━━ DATA RECORDS ━━

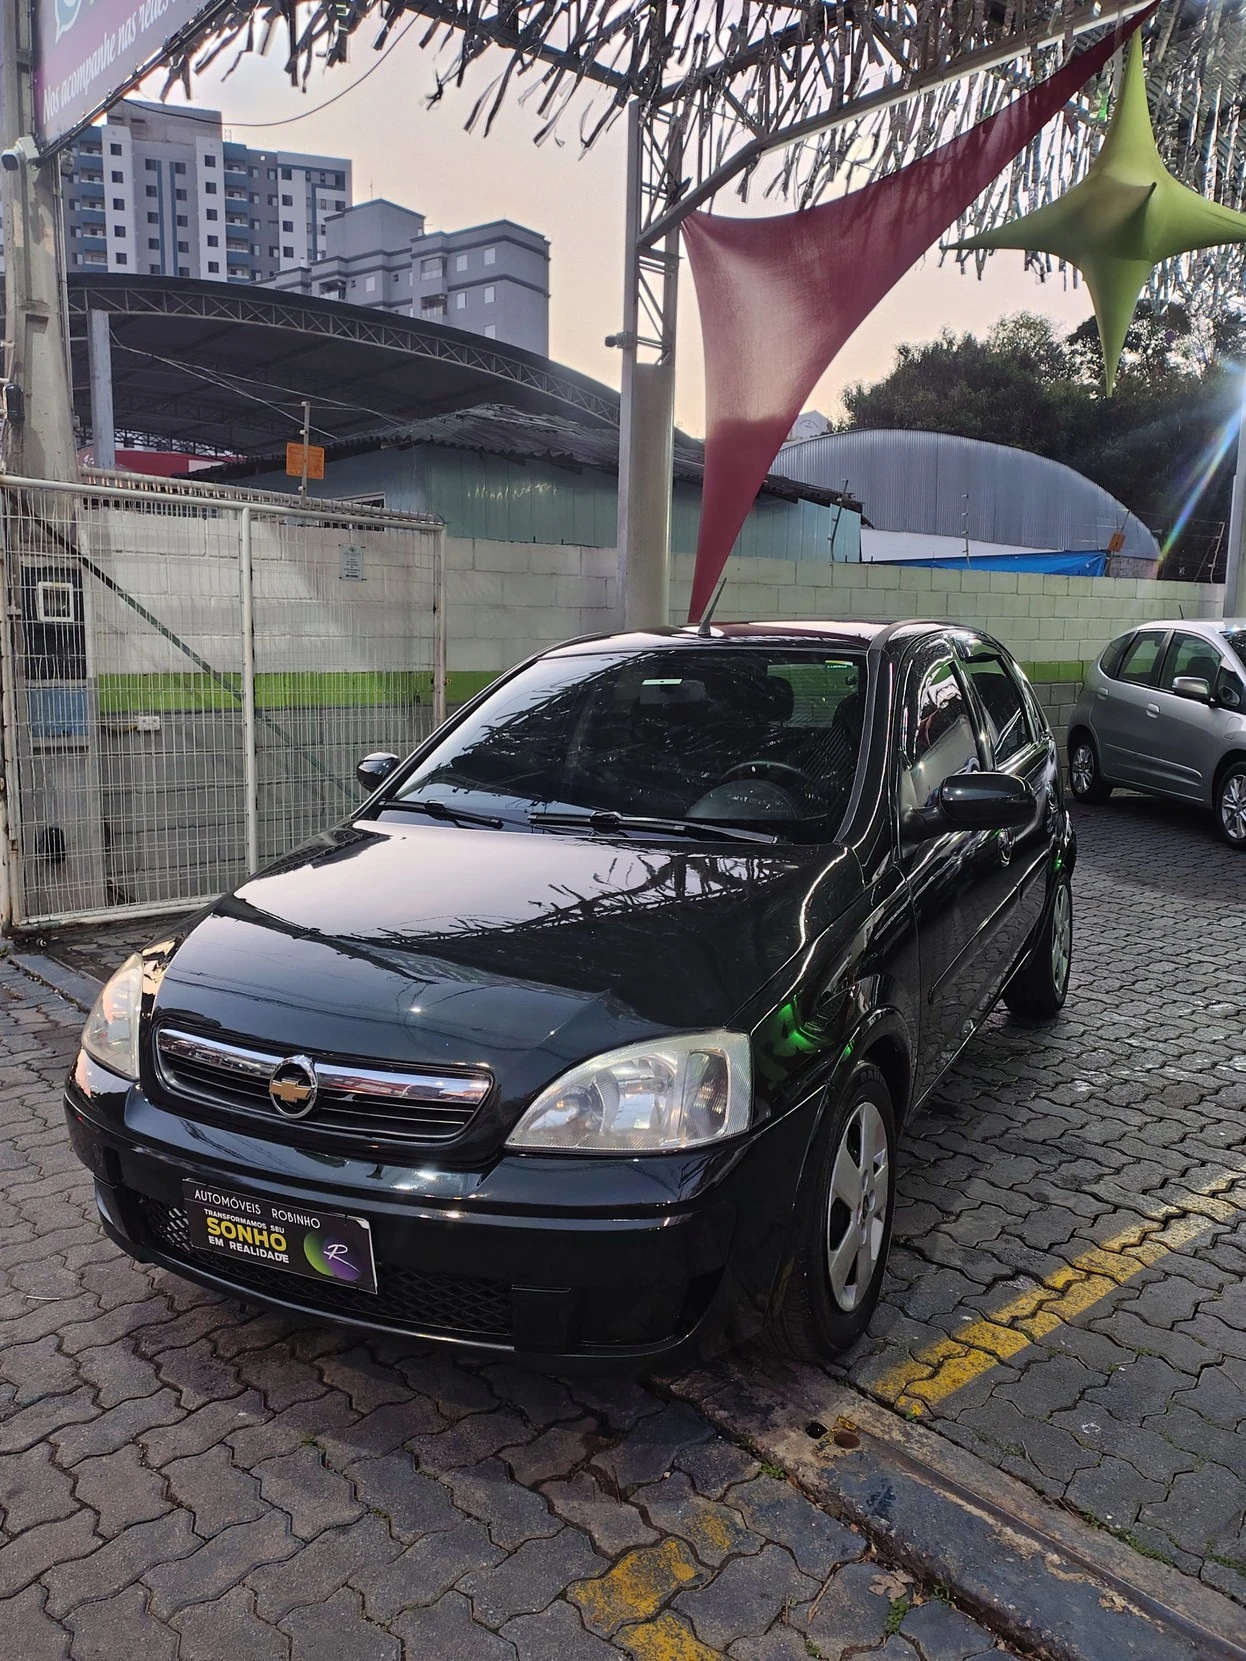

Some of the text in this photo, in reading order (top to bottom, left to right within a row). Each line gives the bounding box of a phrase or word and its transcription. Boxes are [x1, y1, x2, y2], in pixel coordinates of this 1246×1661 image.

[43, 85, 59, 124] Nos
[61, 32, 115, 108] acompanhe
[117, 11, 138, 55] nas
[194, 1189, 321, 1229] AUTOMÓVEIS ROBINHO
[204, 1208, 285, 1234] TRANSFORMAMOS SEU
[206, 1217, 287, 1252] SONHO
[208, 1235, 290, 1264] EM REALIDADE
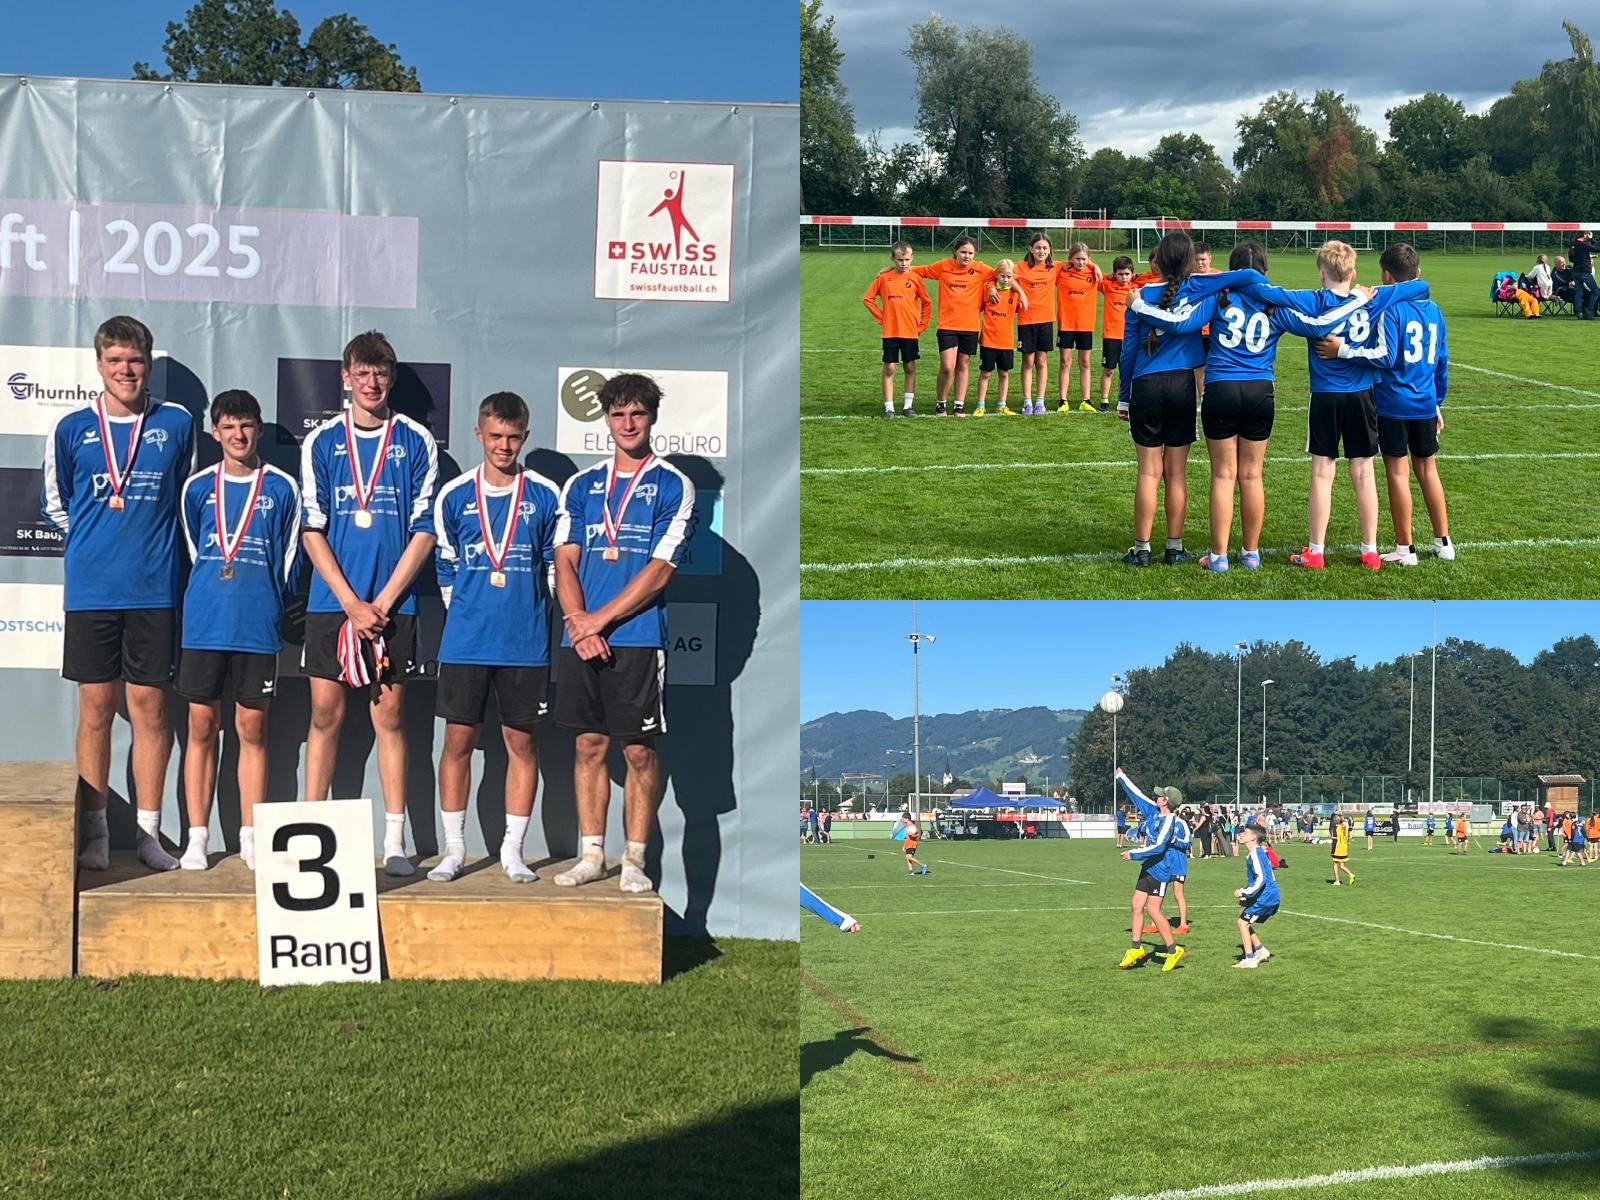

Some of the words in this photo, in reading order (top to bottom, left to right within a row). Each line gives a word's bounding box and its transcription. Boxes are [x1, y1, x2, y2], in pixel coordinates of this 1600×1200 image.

━━━

TASK INSTRUCTIONS :: Restate the data word for word and exclude every picture.

EXERCISE RESPONSE ::
Some of the text in this photo, in reading order (top to bottom, left to right within a row). Each line gives the bounding box of a phrase or word and its transcription. Boxes are [x1, y1, x2, y2], in pixel coordinates of this 1246×1661 image.

[43, 85, 59, 124] Nos
[61, 32, 115, 108] acompanhe
[117, 11, 138, 55] nas
[194, 1189, 321, 1229] AUTOMÓVEIS ROBINHO
[204, 1208, 285, 1234] TRANSFORMAMOS SEU
[206, 1217, 287, 1252] SONHO
[208, 1235, 290, 1264] EM REALIDADE

Some of the words in this photo, in reading order (top to bottom, left to right within a row). Each line gives a word's bounding box and its transcription. Boxes are [x1, y1, x2, y2], in pixel coordinates of this 1600×1200 image.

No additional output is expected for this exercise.